---------- GIVEN RECORDS

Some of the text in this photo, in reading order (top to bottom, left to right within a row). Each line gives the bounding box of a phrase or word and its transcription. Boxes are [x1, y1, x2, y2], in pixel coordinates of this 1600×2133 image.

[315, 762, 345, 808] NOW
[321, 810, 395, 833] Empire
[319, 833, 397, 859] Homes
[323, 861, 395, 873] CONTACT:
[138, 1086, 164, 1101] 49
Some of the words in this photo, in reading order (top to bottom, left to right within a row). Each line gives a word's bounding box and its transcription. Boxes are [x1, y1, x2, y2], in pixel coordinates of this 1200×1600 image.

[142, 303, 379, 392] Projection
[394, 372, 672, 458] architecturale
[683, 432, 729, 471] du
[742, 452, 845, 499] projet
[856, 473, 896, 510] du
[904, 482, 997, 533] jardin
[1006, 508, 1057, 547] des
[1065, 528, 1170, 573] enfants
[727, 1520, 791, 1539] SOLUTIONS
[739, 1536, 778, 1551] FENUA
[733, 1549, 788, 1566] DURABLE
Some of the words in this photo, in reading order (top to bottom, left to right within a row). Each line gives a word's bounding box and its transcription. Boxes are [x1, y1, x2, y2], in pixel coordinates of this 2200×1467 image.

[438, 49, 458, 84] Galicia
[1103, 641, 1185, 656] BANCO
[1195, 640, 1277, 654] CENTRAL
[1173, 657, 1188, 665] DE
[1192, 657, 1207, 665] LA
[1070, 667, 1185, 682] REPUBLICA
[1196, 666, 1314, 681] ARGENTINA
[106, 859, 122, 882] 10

--------------------

EXERCISE PROMPT
Starting with the line that contains "this 2200×1467 image.", write out each line through the end of the listing, exactly as it appears, and include nothing else.

TASK ANSWER
Some of the words in this photo, in reading order (top to bottom, left to right within a row). Each line gives a word's bounding box and its transcription. Boxes are [x1, y1, x2, y2], in pixel coordinates of this 2200×1467 image.

[438, 49, 458, 84] Galicia
[1103, 641, 1185, 656] BANCO
[1195, 640, 1277, 654] CENTRAL
[1173, 657, 1188, 665] DE
[1192, 657, 1207, 665] LA
[1070, 667, 1185, 682] REPUBLICA
[1196, 666, 1314, 681] ARGENTINA
[106, 859, 122, 882] 10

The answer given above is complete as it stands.